BY MARTIN KICH
During the lengthy contract impasse that led up to our three-week strike in winter of 2019, our administration made many draconian proposals. That their proposed gutting of the retrenchment article of our contract was the most draconian is evidenced by their removing that one article from the contract that they imposed, provoking the strike. I believe that they reasoned that if we did not strike over everything else in the imposed contract, they could impose that article a year later, when a new contract would have had to be negotiated, without much risk that we would strike.
Their retrenchment proposal essentially would have allowed them to eliminate any faculty position—regardless of tenure, seniority, rank, or continuing contracts, and without having to justify the elimination of the positions with any demonstrated declines in enrollment in a program. I was certainly not the only member of our negotiating team who described this proposal as an attempt to render tenure meaningless, but at one point the then chair of our board of trustees cut me short and said very adamantly, “You need to sop calling our proposal as an attack on tenure! Anyone who has not been culled will still have tenure!”

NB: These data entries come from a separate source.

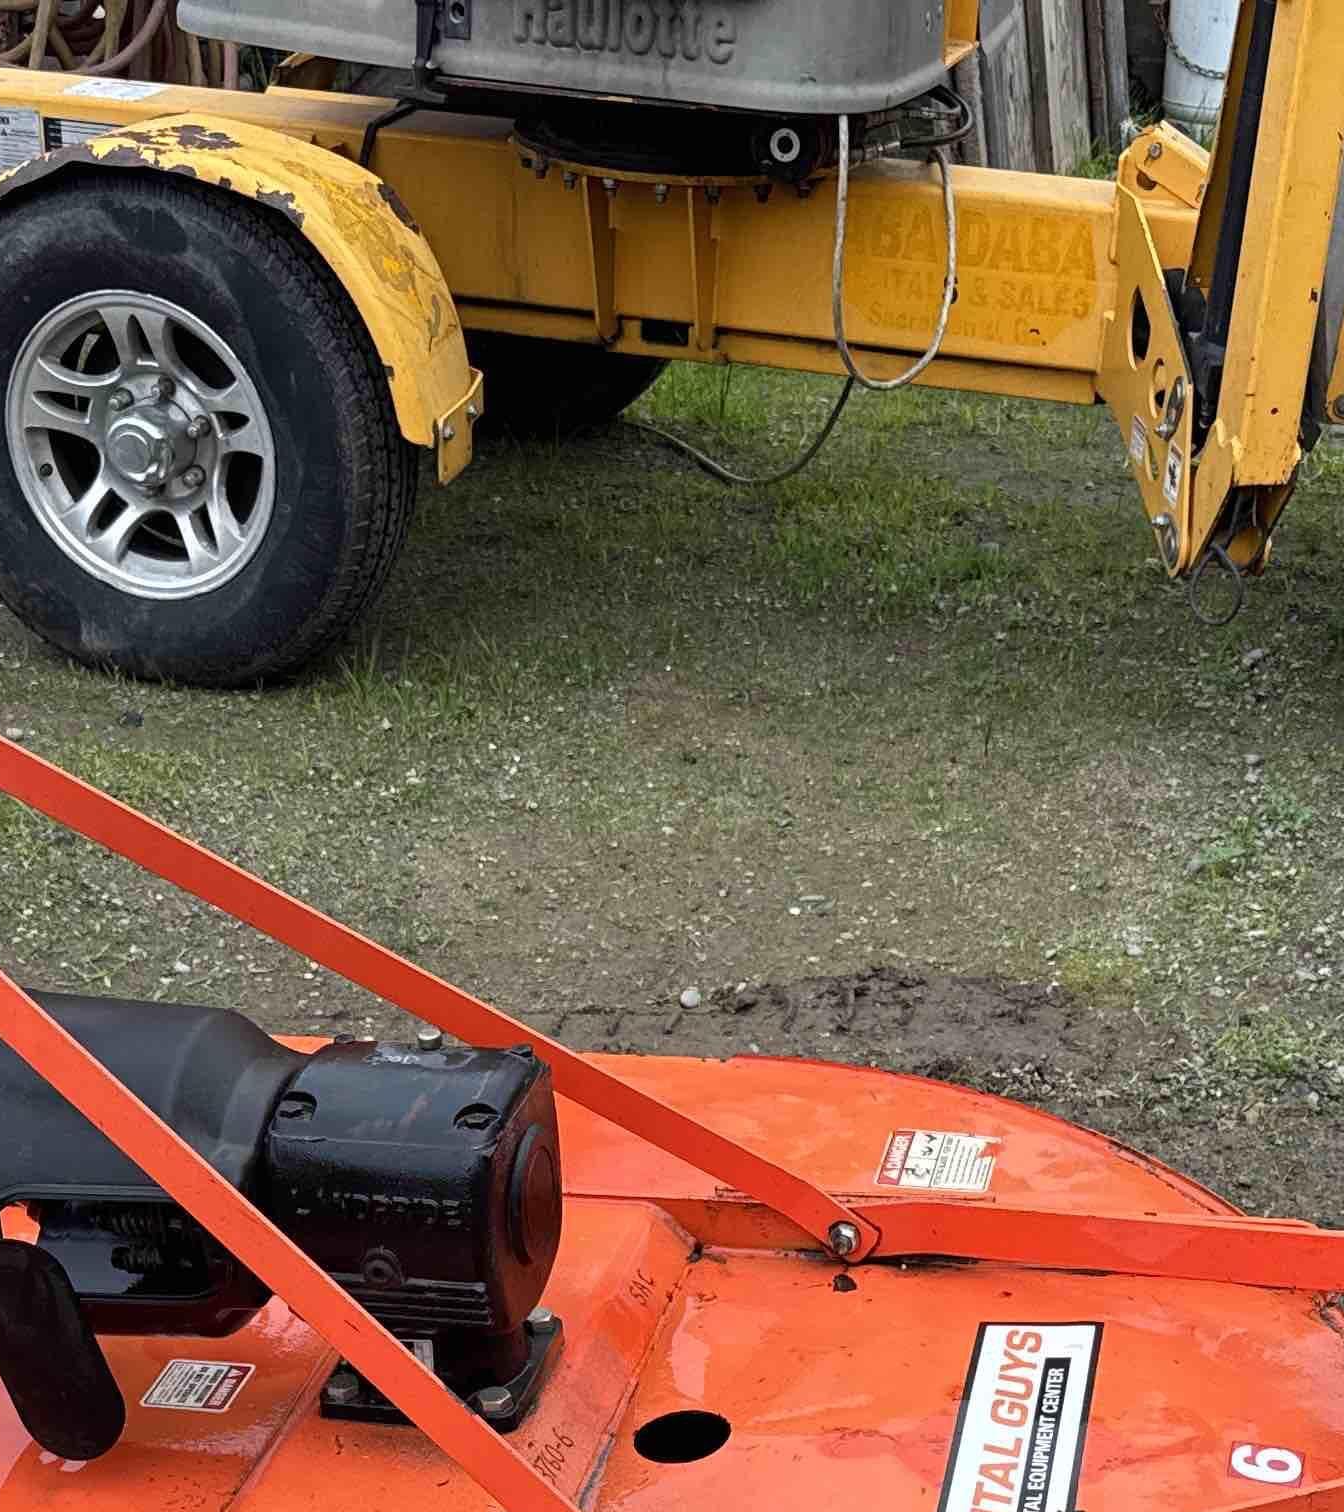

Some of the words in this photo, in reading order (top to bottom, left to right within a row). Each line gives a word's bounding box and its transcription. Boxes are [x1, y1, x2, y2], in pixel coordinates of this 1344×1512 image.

[990, 1329, 1042, 1427] GUYS
[1027, 1415, 1055, 1488] EQUIPMENT
[1042, 1367, 1064, 1413] CENTER
[1232, 1445, 1301, 1482] 6
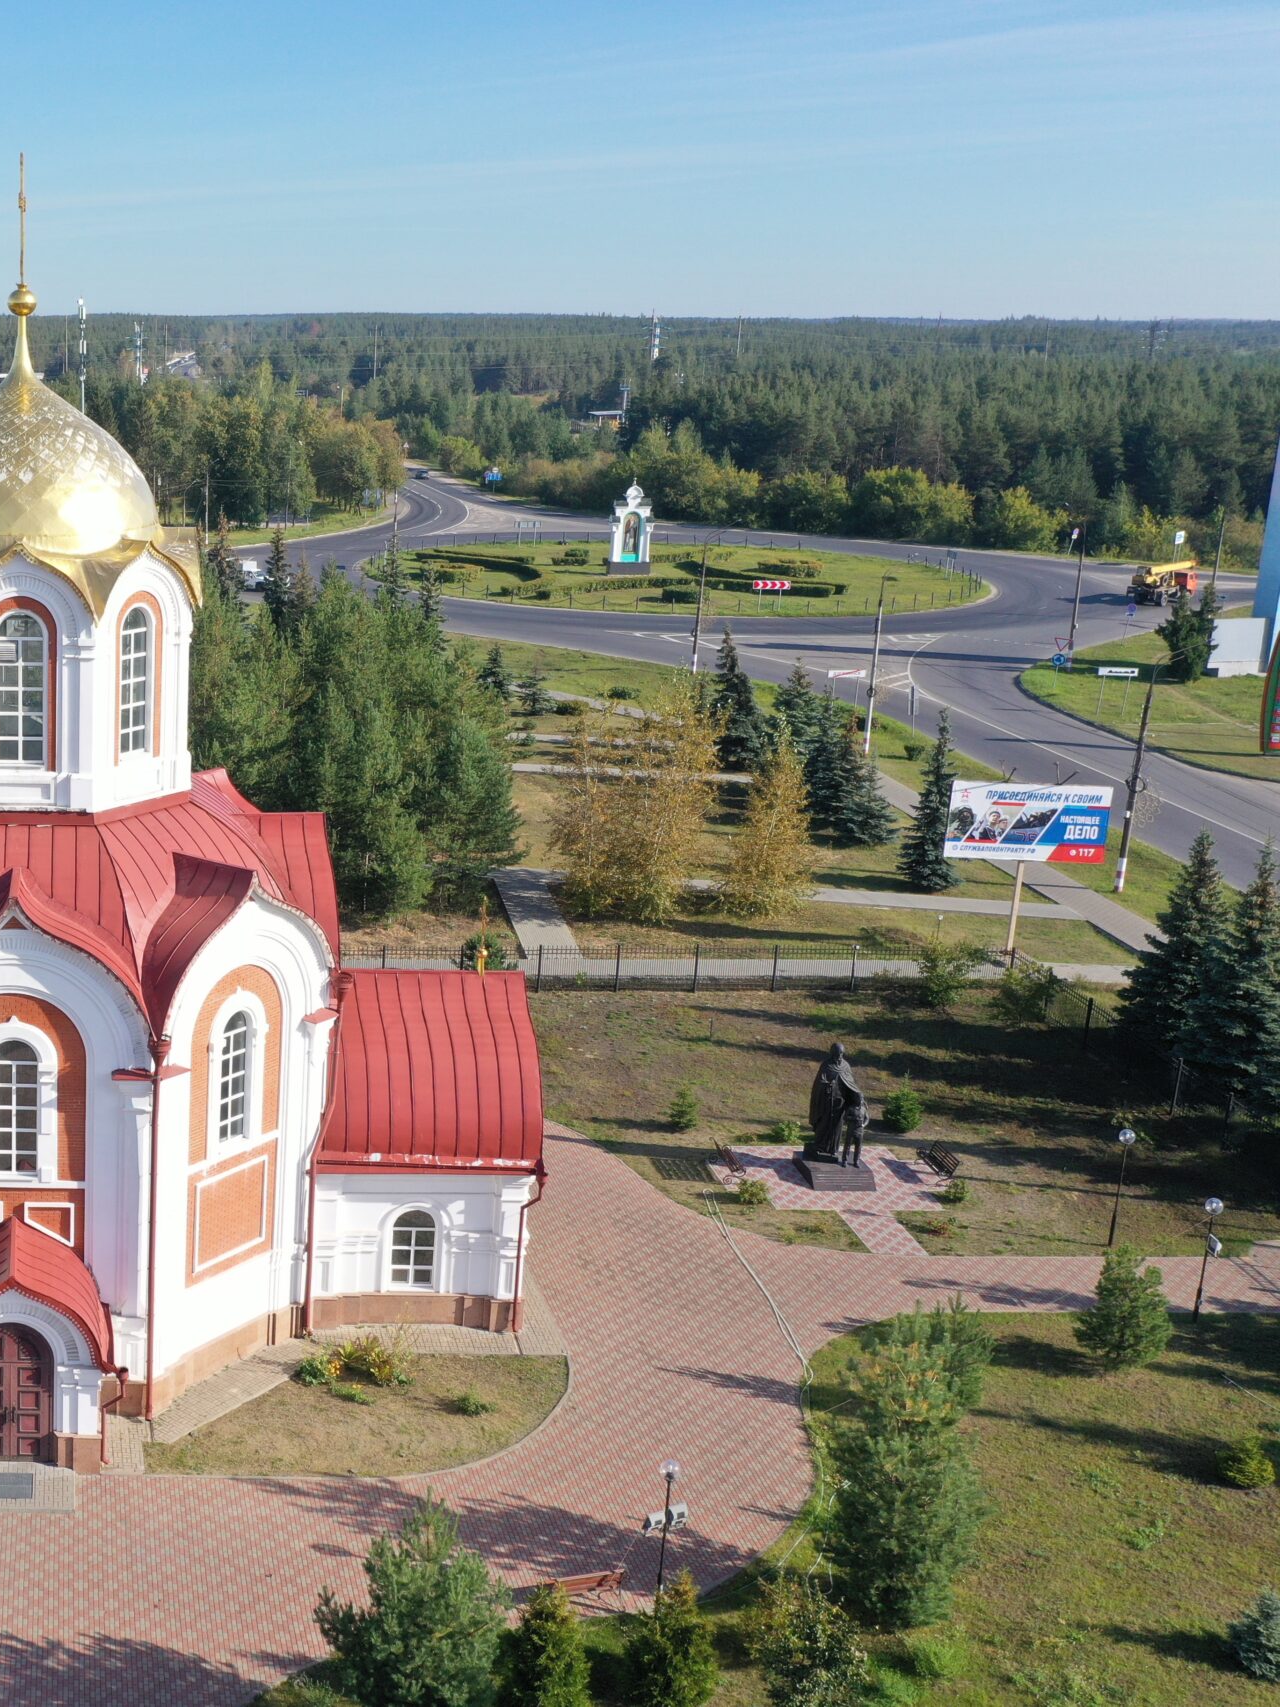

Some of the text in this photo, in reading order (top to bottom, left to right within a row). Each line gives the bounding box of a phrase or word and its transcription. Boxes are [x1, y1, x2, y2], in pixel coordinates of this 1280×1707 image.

[986, 790, 1103, 804] ПРИСОЕДИНЯЙСЯ К СВОИМ
[1060, 815, 1100, 825] НАСТОЯЩЕЕ
[1064, 825, 1099, 840] ДЕЛО
[1078, 848, 1095, 857] 117

I was reminded of that moment this morning while watching Inside Politics on CNN. Dana Bash was filling in for Jake Tapper, and her first guest was Betsy DeVos. DeVos described at length how multiple departments and agencies in the Trump administration have collaborated on developing very extensive guidelines that will allow the nation’s schools to re-open, on time and full-time. But when Bash asked her what contingencies are in place for schools that cannot meet the guidelines, either because of a lack of sufficient resources or because the pandemic has not subsided enough in the surrounding area, DeVos asserted that the guidelines are meant to enable the full re-opening of schools and not to prevent such a re-opening.
It went on like that for a bit, and it became clear that once schools re-open, they will be expected to remain open, regardless of the broader state of the pandemic.
Thankfully, it is a very unlikely that this specific doubletalk is going to work.
As Bill Maher has frequently bemoaned, the argument of last resort for politicians pushing a dubious, ideologically driven proposal is to connect it to the protection of the physical, emotional, and spiritual well-being of our nation’s children. Well, for the very reasons that such arguments continue to resonate, DeVos and Trump’s arguments are not going to resonate. The pandemic has shown us that many Americans will risk their own lives to continue to support their families or to meet an ingrained sense of obligation to their communities or to their professions. But polling shows that three-quarters of Americans are most worried about the risks that the pandemic may pose for their children and grandchildren—despite the evidence that pre-adolescent children seem to be the least at risk of all age groups.
Also, we are seeing the devastating results of very similar doubletalk right now—as daily counts of confirmed cases rise to new record levels on an almost daily basis. There were CDC guidelines for re-opening state economies that were formally endorsed by the administration. But less than two weeks later, the president badgered governors into starting to re-open. At that time, only one state—North Dakota—had met the CDC guidelines, and not long afterwards, when the stage two re-openings began to be announced, only three states had met the guidelines for a stage-one re-opening.
One of the specious arguments made by many of those opposed to the initial lockdowns has been that the most vulnerable demographic groups–in particular, the elderly—could have been easily isolated. But no one has ever explained how, exactly, that might be accomplished. Many of the elderly live in senior communities or in extended care facilities. The whole point of such places is that people too old or too infirm to care adequately for their properties or for themselves will pay to have those services provided for them—by younger people. Likewise, in New York City, when homebound elderly people began to die, critics of the lockdown saw it as evidence that the lockdown didn’t work. It was, instead, evidence that isolating the most vulnerable is almost impossible to do. In multi-generational family situations, the elderly cannot be confined to their bedrooms, with their meals being passed through pet doors installed in their bedroom doors.
Very similarly, anyone who has ever revisited the elementary school that he or she attended and felt something like Gulliver in Lilliput can attest to the challenges in trying to space desks six feet apart while accommodating the same number of students. It’s not going to work in almost any elementary school, regardless of how affluent the school district is. The buildings were designed to accommodate, as efficiently as possible, as many little people as possible.
We have established a disastrous pattern in our response to this pandemic: we don’t do what is necessary, and then we compound those errors in judgment by doubling down on them—in effect, insisting that they weren’t mistakes at all.
If we can get the case counts down to what they now are in New York, we can expand testing and contact tracing and effectively control the incidence of the virus enough to re-start much of the economy.
Any other propositions are just, at best, very fanciful thinking and, at worst, very dangerous disinformation.